Exercise description =>
From top to bottom, restate the entries below word for word.

Material for the task =>
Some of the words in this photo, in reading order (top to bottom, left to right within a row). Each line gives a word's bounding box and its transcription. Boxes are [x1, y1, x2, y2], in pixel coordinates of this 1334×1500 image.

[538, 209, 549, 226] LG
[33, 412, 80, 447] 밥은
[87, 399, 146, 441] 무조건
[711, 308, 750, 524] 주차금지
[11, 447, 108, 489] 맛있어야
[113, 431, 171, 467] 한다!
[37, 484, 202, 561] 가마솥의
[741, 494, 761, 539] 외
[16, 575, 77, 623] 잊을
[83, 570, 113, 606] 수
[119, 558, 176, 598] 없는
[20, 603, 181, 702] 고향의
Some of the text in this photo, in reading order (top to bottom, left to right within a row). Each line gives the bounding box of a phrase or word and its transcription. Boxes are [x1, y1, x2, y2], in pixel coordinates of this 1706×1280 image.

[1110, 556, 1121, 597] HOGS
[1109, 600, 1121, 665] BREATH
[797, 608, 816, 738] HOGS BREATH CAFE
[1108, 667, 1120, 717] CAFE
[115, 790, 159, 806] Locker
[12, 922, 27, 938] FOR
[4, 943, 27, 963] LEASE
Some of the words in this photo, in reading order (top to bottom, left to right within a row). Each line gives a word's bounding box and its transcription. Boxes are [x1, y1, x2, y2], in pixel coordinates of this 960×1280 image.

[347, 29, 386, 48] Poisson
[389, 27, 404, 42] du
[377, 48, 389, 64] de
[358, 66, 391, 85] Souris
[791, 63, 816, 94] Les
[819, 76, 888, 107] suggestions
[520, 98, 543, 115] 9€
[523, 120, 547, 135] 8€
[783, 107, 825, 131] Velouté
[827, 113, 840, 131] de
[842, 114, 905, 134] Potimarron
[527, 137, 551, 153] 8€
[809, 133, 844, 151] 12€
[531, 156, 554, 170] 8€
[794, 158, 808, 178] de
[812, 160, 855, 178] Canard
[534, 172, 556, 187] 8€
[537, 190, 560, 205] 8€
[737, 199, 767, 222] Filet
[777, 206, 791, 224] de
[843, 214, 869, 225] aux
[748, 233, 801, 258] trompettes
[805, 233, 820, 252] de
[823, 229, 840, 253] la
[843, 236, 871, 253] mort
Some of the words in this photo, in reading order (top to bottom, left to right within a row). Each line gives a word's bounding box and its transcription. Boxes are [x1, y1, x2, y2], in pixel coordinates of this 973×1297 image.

Result for this task =>
Some of the words in this photo, in reading order (top to bottom, left to right within a row). Each line gives a word's bounding box and its transcription. Boxes are [x1, y1, x2, y2], in pixel coordinates of this 1334×1500 image.

[538, 209, 549, 226] LG
[33, 412, 80, 447] 밥은
[87, 399, 146, 441] 무조건
[711, 308, 750, 524] 주차금지
[11, 447, 108, 489] 맛있어야
[113, 431, 171, 467] 한다!
[37, 484, 202, 561] 가마솥의
[741, 494, 761, 539] 외
[16, 575, 77, 623] 잊을
[83, 570, 113, 606] 수
[119, 558, 176, 598] 없는
[20, 603, 181, 702] 고향의
Some of the text in this photo, in reading order (top to bottom, left to right within a row). Each line gives the bounding box of a phrase or word and its transcription. Boxes are [x1, y1, x2, y2], in pixel coordinates of this 1706×1280 image.

[1110, 556, 1121, 597] HOGS
[1109, 600, 1121, 665] BREATH
[797, 608, 816, 738] HOGS BREATH CAFE
[1108, 667, 1120, 717] CAFE
[115, 790, 159, 806] Locker
[12, 922, 27, 938] FOR
[4, 943, 27, 963] LEASE
Some of the words in this photo, in reading order (top to bottom, left to right within a row). Each line gives a word's bounding box and its transcription. Boxes are [x1, y1, x2, y2], in pixel coordinates of this 960×1280 image.

[347, 29, 386, 48] Poisson
[389, 27, 404, 42] du
[377, 48, 389, 64] de
[358, 66, 391, 85] Souris
[791, 63, 816, 94] Les
[819, 76, 888, 107] suggestions
[520, 98, 543, 115] 9€
[523, 120, 547, 135] 8€
[783, 107, 825, 131] Velouté
[827, 113, 840, 131] de
[842, 114, 905, 134] Potimarron
[527, 137, 551, 153] 8€
[809, 133, 844, 151] 12€
[531, 156, 554, 170] 8€
[794, 158, 808, 178] de
[812, 160, 855, 178] Canard
[534, 172, 556, 187] 8€
[537, 190, 560, 205] 8€
[737, 199, 767, 222] Filet
[777, 206, 791, 224] de
[843, 214, 869, 225] aux
[748, 233, 801, 258] trompettes
[805, 233, 820, 252] de
[823, 229, 840, 253] la
[843, 236, 871, 253] mort
Some of the words in this photo, in reading order (top to bottom, left to right within a row). Each line gives a word's bounding box and its transcription. Boxes are [x1, y1, x2, y2], in pixel coordinates of this 973×1297 image.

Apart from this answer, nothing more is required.